Not all heroes wear capes. Sometimes they carry umbrellas.
Make a note. Shortly after 7am on February 16, 2026, at Eden Park, in the Auckland suburb of Kingsland, Christopher Luxon changed everything. He saw rain beginning to fall from the sky. He saw a man getting wet. No, he seemed to say, his mind palace pinging like a supercomputer. No, this will not do. This will not do at all.
With half the country knee deep in rainwater and human excrement, yearning for something to lift them from the muck, the prime minister took action. He held an umbrella over a man and said, very simply, “Carry on.” Rarely in human history has a diem so thoroughly been carpe’d.
The scene was captured best by Nancy Lu, a National Party list MP, who posted immediately on social media network Facebook.
“This is the Christopher Luxon I know,” she wrote.
“While people were scrambling for umbrellas, the prime minister grabbed one and walked straight onto the stage – holding it over the speaker mid-speech,” said Lu, adding: “☔️”.
She continued: “No cameras called. No drama. Just instinct.”
The speaker, for what it’s worth, was Gary Weiss, a New-Zealand-born symphony of silver hair with a man attached. Variously described in the Australian media as “corporate Australia’s top bulldust detector” and a “corporate raider with heart of gold”, and a former guitarist in a band called The Asset Strippers, he was here to announce that a sporting contest pitting people born in Queensland against people born in New South Wales would be staged in Auckland.

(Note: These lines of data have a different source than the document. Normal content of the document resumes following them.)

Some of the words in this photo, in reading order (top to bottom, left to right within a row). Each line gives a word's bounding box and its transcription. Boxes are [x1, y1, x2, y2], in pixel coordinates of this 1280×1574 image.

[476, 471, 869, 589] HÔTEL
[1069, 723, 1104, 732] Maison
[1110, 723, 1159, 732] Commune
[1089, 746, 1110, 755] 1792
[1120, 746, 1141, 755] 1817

But not even Weiss, for all his breaking news, fairytale hair and jolly pallbearer fit, could distract attention from the man of the moment, the man with the umbrella clenched in his fist like a small miracle.

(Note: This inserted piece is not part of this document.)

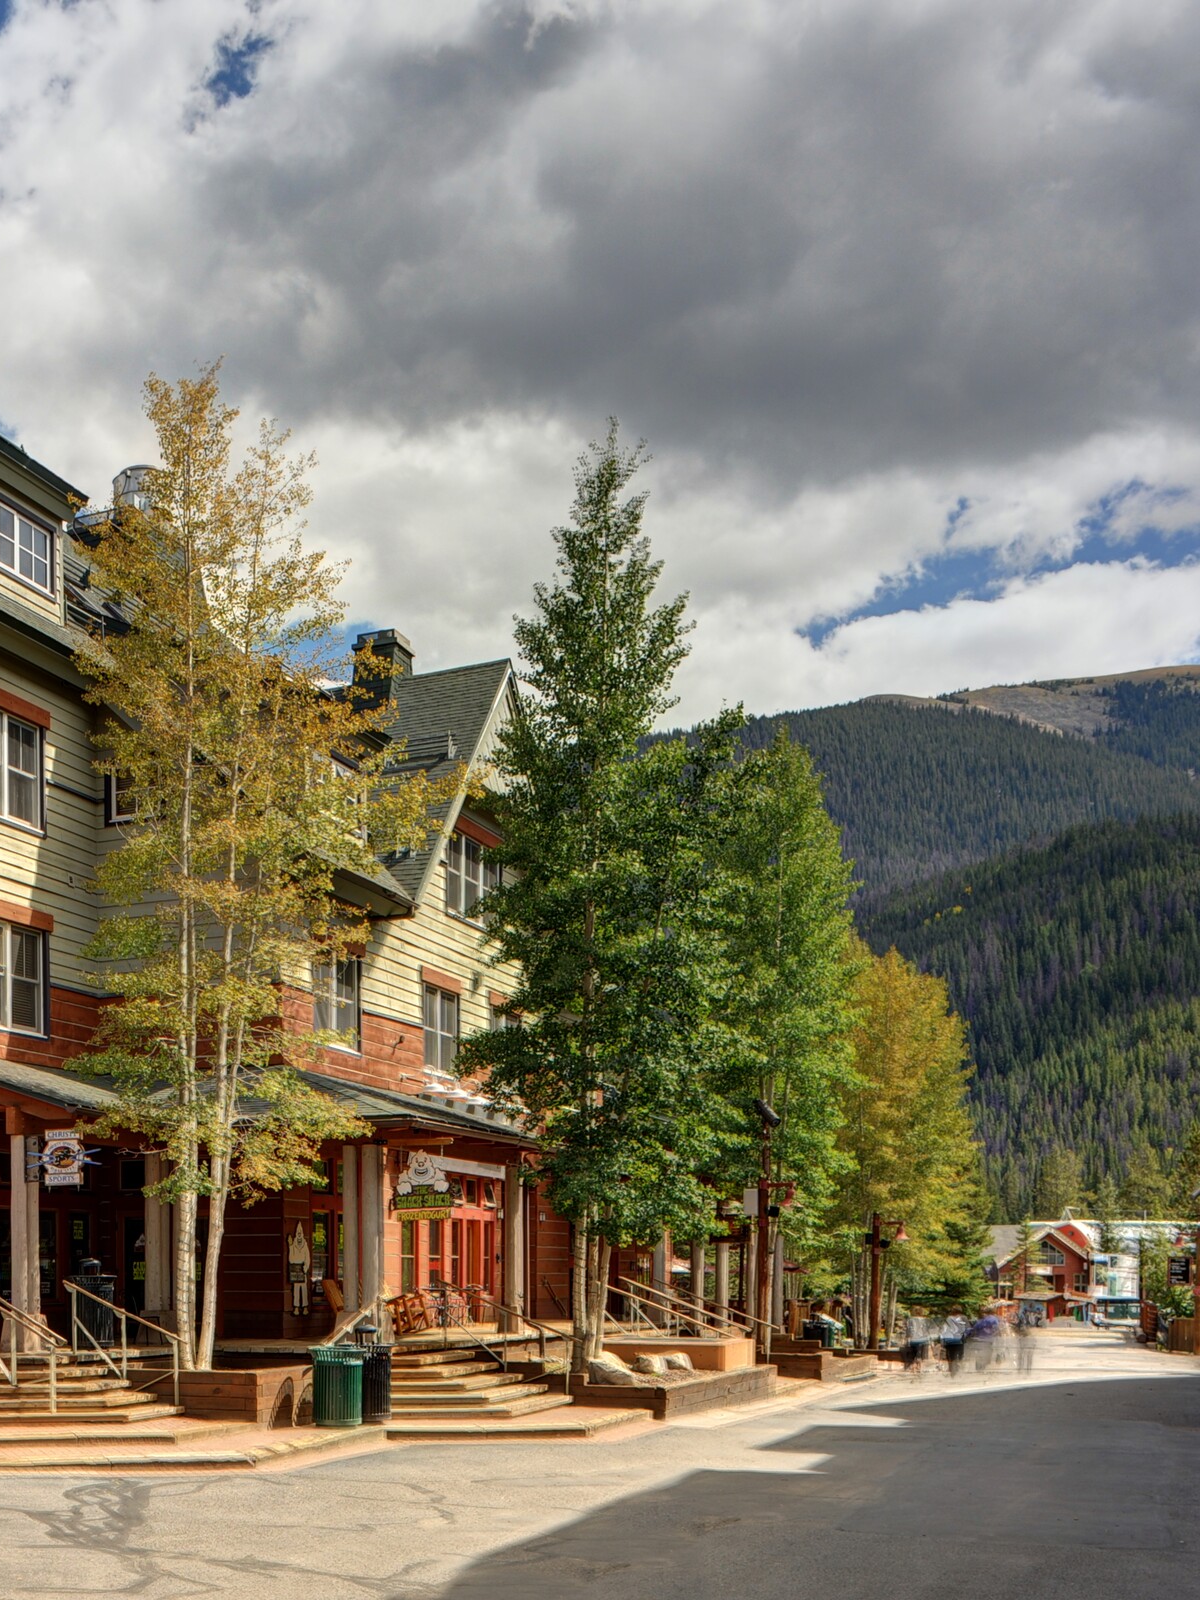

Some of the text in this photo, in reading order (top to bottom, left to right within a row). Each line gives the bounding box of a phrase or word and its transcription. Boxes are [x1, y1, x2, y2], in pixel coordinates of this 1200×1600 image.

In her headline-making dispatch, laid out like the climactic stanza of an epic poem, Lu put it like this:
That’s leadership.
Kind. Grounded. Energetic. Action-oriented.

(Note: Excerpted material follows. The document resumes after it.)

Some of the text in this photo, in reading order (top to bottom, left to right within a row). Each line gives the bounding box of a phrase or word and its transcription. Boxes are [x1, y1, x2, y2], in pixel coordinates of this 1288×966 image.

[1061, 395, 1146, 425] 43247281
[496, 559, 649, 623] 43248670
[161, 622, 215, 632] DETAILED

My leader. Our Prime Minister.
Sometimes the smallest gestures say the most.
She concluded: “#ChristopherLuxon #NZPolitics #Leadership #EdenPark #auckland”
All around Eden Park, a scuttling sound was heard. That was the ghosts of 2011, who had been enjoying a long, lovely laugh ever since John Key’s three-way handshake at the Rugby World Cup brought shame upon that hallowed turf, especially when it comes to things being held in politicians’ hands. That humiliation was exorcised at last, the ghosts retreating with their ghost tails between their ghost legs, shrieking pathetically about assertive umbrella deployment.
More than that, this was a moment when Christopher Luxon stood up. He stood up and in a kind and action-oriented manner he opened an umbrella, which is not always as easy as it looks, especially under pressure, and especially when you’ve got right in front of you a known bulldust detector with a head of hair that looks like it might well go full Mogwai in the rain.
Make a note. As Luxon, a keen reader of political biography, knows as well as anyone, there are sometimes moments that make the statesman. Think Lange, when he said that line about uranium at the Oxford Union debate. Think Trump, when his ear was grazed by a would-be assassin’s bullet. That was Luxon today. One man. Pure instinct. And an umbrella.
When someone shows you who they are, believe them. Today he showed us he is a man who understands rain, understands umbrella technology and understands how to deploy it to intercept the rain. And we all – Nancy Lu especially but also the rest of us – believe him.